Another common cause of rear-end accidents is following too closely. The tailing driver could cause a rear-end collision if he or she is not giving the other driver enough space. The rule of thumb is to leave at least one car’s length of space between the front of one vehicle and the back of another. Closing this gap by tailgating, following too closely, making an unsafe lane change or speeding could increase the risk of a rear-end collision. Drivers should leave even more space between their vehicles and commercial trucks due to their larger blind spots. Increasing following distance is an effective way to reduce the risk of a rear-end accident.

Sometimes, the tailing driver does not cause the rear-end collision. Instead, the leading driver could be negligent or reckless in a way that causes the crash. The leading driver may have fallen beneath the standard of care in vehicle maintenance, for example, leading to broken brake or taillights. In this case, the tailing driver might not be able to tell the leading driver is stopping. In this situation, the leading driver may be at least partially responsible for a resultant rear-end collision.

How to Prevent a Rear-End Crash

It is up to all drivers to prevent rear-end car accidents. A driver can prevent a rear-end collision by obeying all roadway rules. Following the rules of rights-of-way, traffic signals, speed limits, following distance, vehicle control and turn signals could all decrease the risk of two vehicles colliding. Keeping a safe following distance, braking gradually and paying attention to the road, for example, could allow a driver to stop in time to avoid striking the leading vehicle. Even if the lead vehicle slams on the brakes, the tailing driver should be able to stop in time if obeying all relevant roadway rules. It can also help prevent a rear-end accident to properly maintain a vehicle – especially its lights and brakes.

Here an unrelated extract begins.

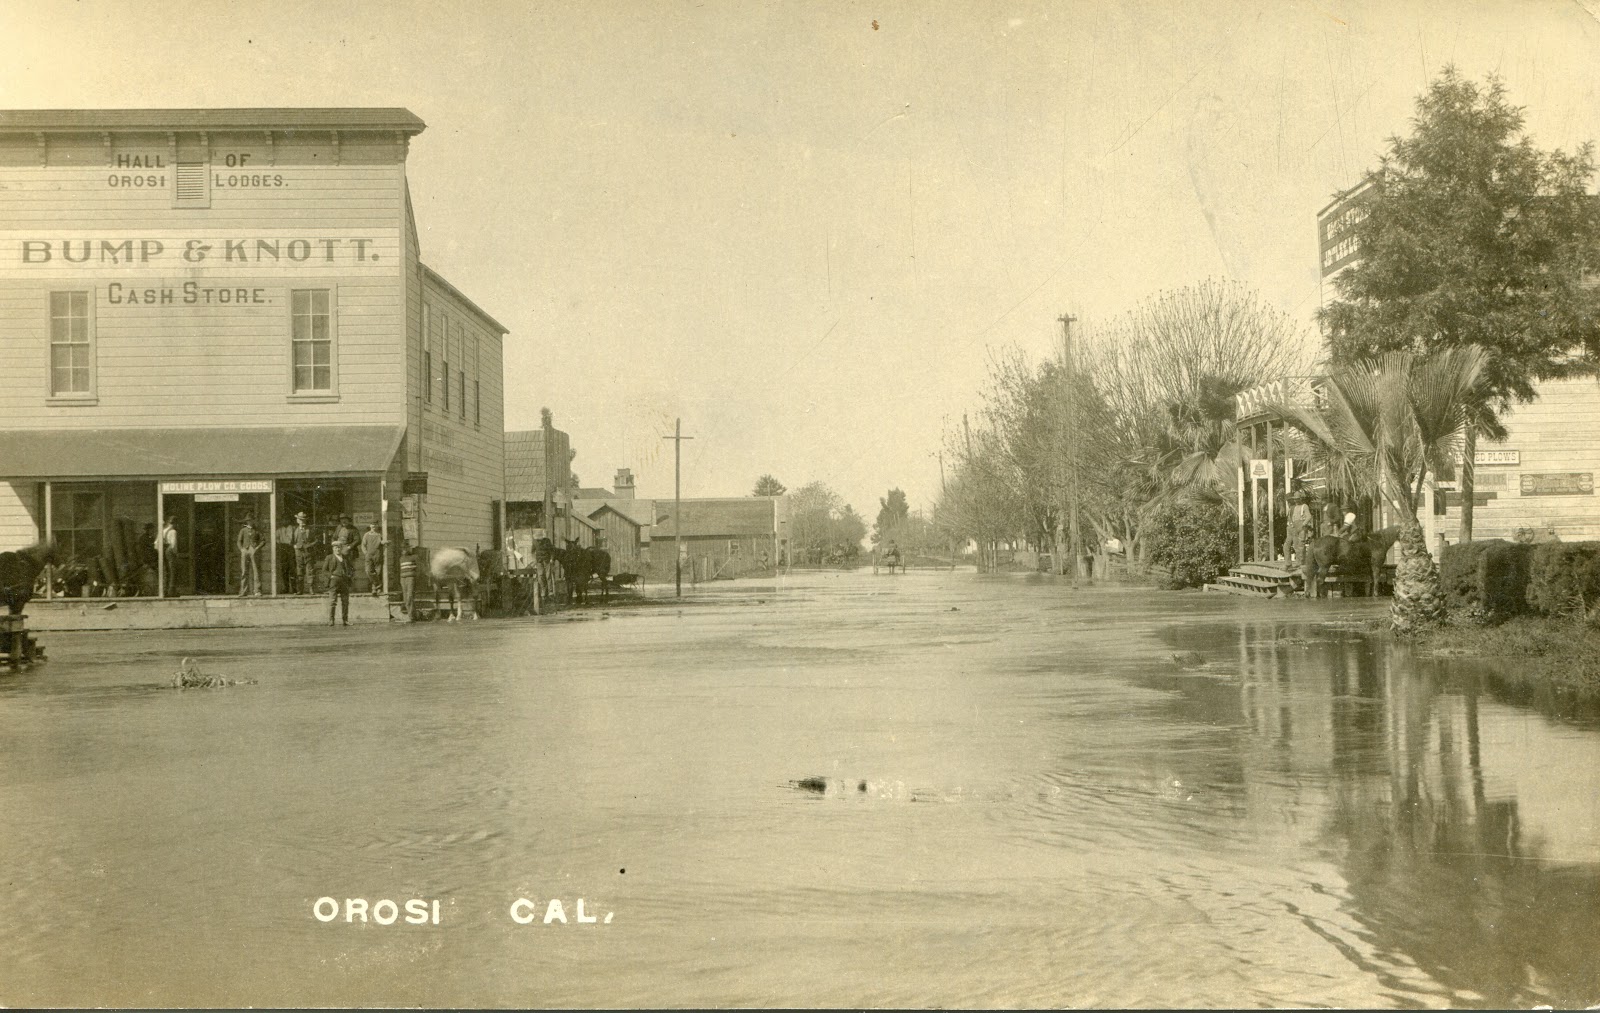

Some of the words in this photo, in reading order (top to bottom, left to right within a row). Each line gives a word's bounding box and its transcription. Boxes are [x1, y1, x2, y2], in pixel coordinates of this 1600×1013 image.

Who is Liable in a Rear-End Accident?

Most people assume the tailing driver will automatically bear fault for a rear-end collision, but this is not true. Fault will fall on the driver that reasonably should have prevented the accident yet failed to do so through an act of negligence or recklessness. This could be the tailing driver if he or she is guilty of distracted, drowsy, drunk or negligent driving. It could be the leading driver, however, in other circumstances. If the leading driver cut the tailing driver off, brake-checked him or her, engaged in road-rage behaviors or failed to maintain the vehicle, he or she could be liable for a subsequent rear-end collision. Determining fault for a rear-end accident in Arizona may take a Glendale car accident attorney’s assistance.